Mi dà fastidio che quest’uomo
s’insinui viscido come un serpente, che aspetti un mio cenno per sentirsi più
maschio. La sera sta finendo ed mi sento sollevata. Sono fiera di me, di non
aver ceduto, d’essermi comportata da moglie perfetta. Mio marito s’avvicina e mi
dice che l’uomo con cui sto parlando è un uomo importante che da mesi lo insegue
perché ha i fondi necessari per finanziare il suo antico progetto. Poi senza
tirare il respiro mi guarda dai piedi ai capelli e mi dice che sono bella. Penso
amara che forse è la prima volta che mi guarda sul serio. Ecco a cosa serve una
moglie! Quanto un’insegna per accalappiare i clienti, in poche parole devo
essere gentile, chissà come reagirebbe se sapesse che già m’ha toccato il culo e
m’ha premuto più forte calando leggermente le dita, toccando con mano quello che
aveva intuito. Se lo sapesse, ne andrebbe orgoglioso, che sua moglie non ha
perso tempo, l’ha già incuriosito più di quanto s’immagina nutrendo voglie e
pensieri.
Eccolo che torna
continuando il tira e molla, lui vuole, mio marito non disdegna. Più facile di
così! Ma io gli amanti me li scelgo dove voglio, me li trovo dove i gatti
rovistano le pattumiere, ai margini d’una discarica dove la sensazione di non
portare mutande è più forte della vista del seno che scopro. Ecco che sfiora di
nuovo per sbaglio il mio fianco, che preme le dita e ricomincia daccapo seguendo
nel sogno la scia dove s’allunga la stringa.

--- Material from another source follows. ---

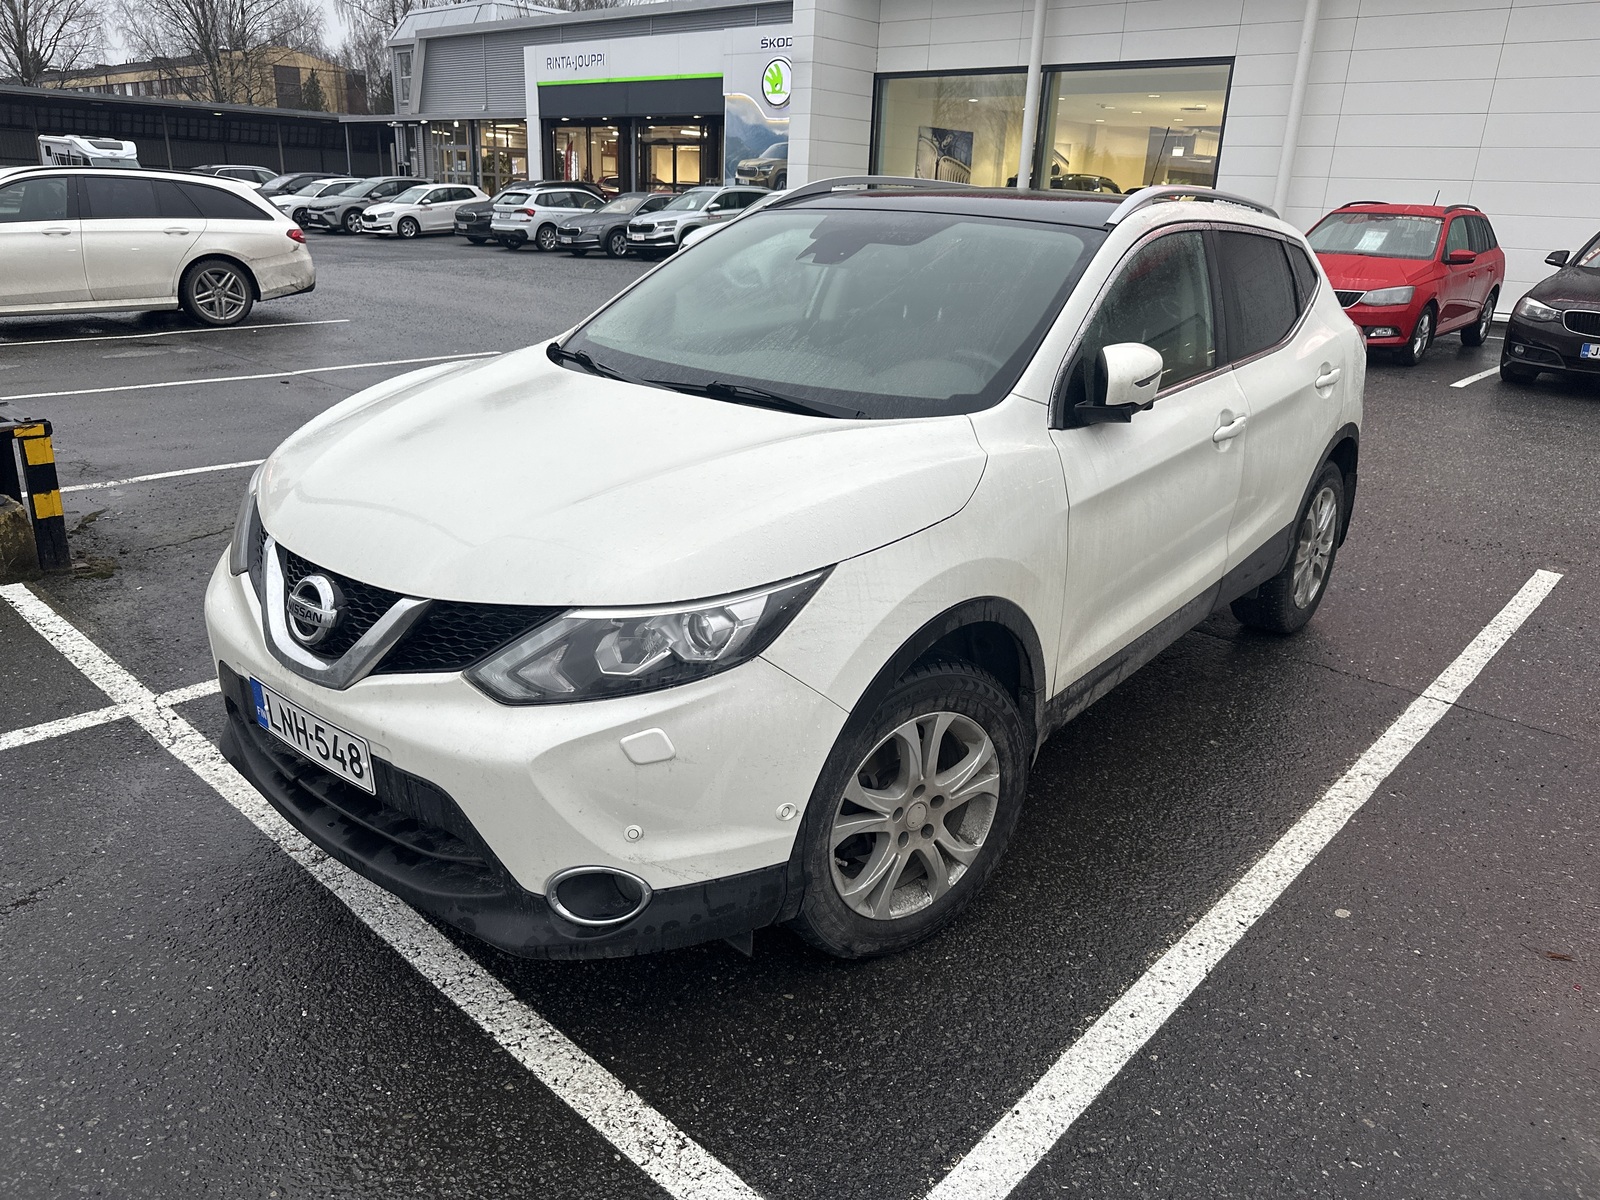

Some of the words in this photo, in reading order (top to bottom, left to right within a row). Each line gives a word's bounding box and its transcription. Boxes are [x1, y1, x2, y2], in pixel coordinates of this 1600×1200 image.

Se scostasse la mano verso sinistra
sentirebbe il mio sesso ed a quel punto basterebbe un niente, dietro questo
benjamin frondoso potrebbe aprirmi la gonna, ma mai lo farà perché il sesso che
conosce è sicuro quanto un ginecologo che ti apre le gambe.
L’amore che conosce è
finto, falso, e non urla e non rischia, e non geme e non respira. L’amore che
conosce sono queste mani che si ritraggono per non perdere l’immagine, per il
timore di sporcarsi la cravatta. L’amore che conosce è solo una conquista, è
l’orgoglio di farsi una moglie, di farsela tutta senza rischiare.
Vorrei dirgli che l’altra
settimana sono uscita da sola a sentire l’odore che sprigiona la notte, a
rischiare la faccia e sporcare il cognome a sentirmi libera strusciando il mio
seno sulle scritte sui muri impregnate di muffa. Lui non capirebbe, prendo il
biglietto che porge, c’è un nome ed un cellulare. Chissà se ha capito che al
primo cestino lo butto, o se già pregusta un ristorante di lusso per guardami
quando accavallo le gambe, ma in fondo in fondo non mi importa poi nulla se
stasera aspetterà invano, se mio marito pregusta l’affare, lo vedo, contento
perché ci sto ancora parlando. Stasera vorrei urlargli che senza il suo
benestare ne ho presi parecchi e tanti ancora senza che lui se ne accorga, ma
uno, proprio uno è rimasto alla porta, guarda caso il solo che ancora mi tocca e
si ritrae nell’attesa che gli dia il permesso, mentre mio marito contento
avrebbe chiuso volentieri un occhio.